→ PROBLEM TO WORK ON:
All of the records should be restated word for word.

→ Stored dataset items:
-- Opening Marker --

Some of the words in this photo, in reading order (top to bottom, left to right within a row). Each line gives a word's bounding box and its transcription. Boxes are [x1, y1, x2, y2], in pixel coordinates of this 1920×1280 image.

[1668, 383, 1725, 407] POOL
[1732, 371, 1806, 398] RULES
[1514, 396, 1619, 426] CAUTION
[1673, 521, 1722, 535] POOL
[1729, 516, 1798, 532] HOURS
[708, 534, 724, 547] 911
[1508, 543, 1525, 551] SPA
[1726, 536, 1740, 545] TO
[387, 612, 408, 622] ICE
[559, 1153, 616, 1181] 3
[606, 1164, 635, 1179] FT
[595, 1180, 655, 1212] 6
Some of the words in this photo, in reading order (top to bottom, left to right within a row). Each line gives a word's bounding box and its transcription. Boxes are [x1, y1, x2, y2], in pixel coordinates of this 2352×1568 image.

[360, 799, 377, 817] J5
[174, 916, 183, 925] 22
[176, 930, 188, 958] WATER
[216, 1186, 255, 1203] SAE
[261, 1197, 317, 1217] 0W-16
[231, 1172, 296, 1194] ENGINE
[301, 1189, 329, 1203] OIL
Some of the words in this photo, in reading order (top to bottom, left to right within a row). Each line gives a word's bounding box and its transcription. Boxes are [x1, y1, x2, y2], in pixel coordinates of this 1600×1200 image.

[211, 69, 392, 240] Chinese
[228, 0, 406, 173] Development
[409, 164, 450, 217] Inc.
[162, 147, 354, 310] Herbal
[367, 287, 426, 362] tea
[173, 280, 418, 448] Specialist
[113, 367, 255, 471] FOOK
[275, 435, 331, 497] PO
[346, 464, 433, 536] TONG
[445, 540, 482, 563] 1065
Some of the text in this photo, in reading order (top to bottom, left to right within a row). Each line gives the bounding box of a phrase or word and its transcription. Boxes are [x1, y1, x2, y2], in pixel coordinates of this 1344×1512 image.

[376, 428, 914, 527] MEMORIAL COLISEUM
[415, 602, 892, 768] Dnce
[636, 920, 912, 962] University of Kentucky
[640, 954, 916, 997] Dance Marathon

-- Closing Marker --

→ RESPONSE TO THE TASK:
Some of the words in this photo, in reading order (top to bottom, left to right within a row). Each line gives a word's bounding box and its transcription. Boxes are [x1, y1, x2, y2], in pixel coordinates of this 1920×1280 image.

[1668, 383, 1725, 407] POOL
[1732, 371, 1806, 398] RULES
[1514, 396, 1619, 426] CAUTION
[1673, 521, 1722, 535] POOL
[1729, 516, 1798, 532] HOURS
[708, 534, 724, 547] 911
[1508, 543, 1525, 551] SPA
[1726, 536, 1740, 545] TO
[387, 612, 408, 622] ICE
[559, 1153, 616, 1181] 3
[606, 1164, 635, 1179] FT
[595, 1180, 655, 1212] 6
Some of the words in this photo, in reading order (top to bottom, left to right within a row). Each line gives a word's bounding box and its transcription. Boxes are [x1, y1, x2, y2], in pixel coordinates of this 2352×1568 image.

[360, 799, 377, 817] J5
[174, 916, 183, 925] 22
[176, 930, 188, 958] WATER
[216, 1186, 255, 1203] SAE
[261, 1197, 317, 1217] 0W-16
[231, 1172, 296, 1194] ENGINE
[301, 1189, 329, 1203] OIL
Some of the words in this photo, in reading order (top to bottom, left to right within a row). Each line gives a word's bounding box and its transcription. Boxes are [x1, y1, x2, y2], in pixel coordinates of this 1600×1200 image.

[211, 69, 392, 240] Chinese
[228, 0, 406, 173] Development
[409, 164, 450, 217] Inc.
[162, 147, 354, 310] Herbal
[367, 287, 426, 362] tea
[173, 280, 418, 448] Specialist
[113, 367, 255, 471] FOOK
[275, 435, 331, 497] PO
[346, 464, 433, 536] TONG
[445, 540, 482, 563] 1065
Some of the text in this photo, in reading order (top to bottom, left to right within a row). Each line gives the bounding box of a phrase or word and its transcription. Boxes are [x1, y1, x2, y2], in pixel coordinates of this 1344×1512 image.

[376, 428, 914, 527] MEMORIAL COLISEUM
[415, 602, 892, 768] Dnce
[636, 920, 912, 962] University of Kentucky
[640, 954, 916, 997] Dance Marathon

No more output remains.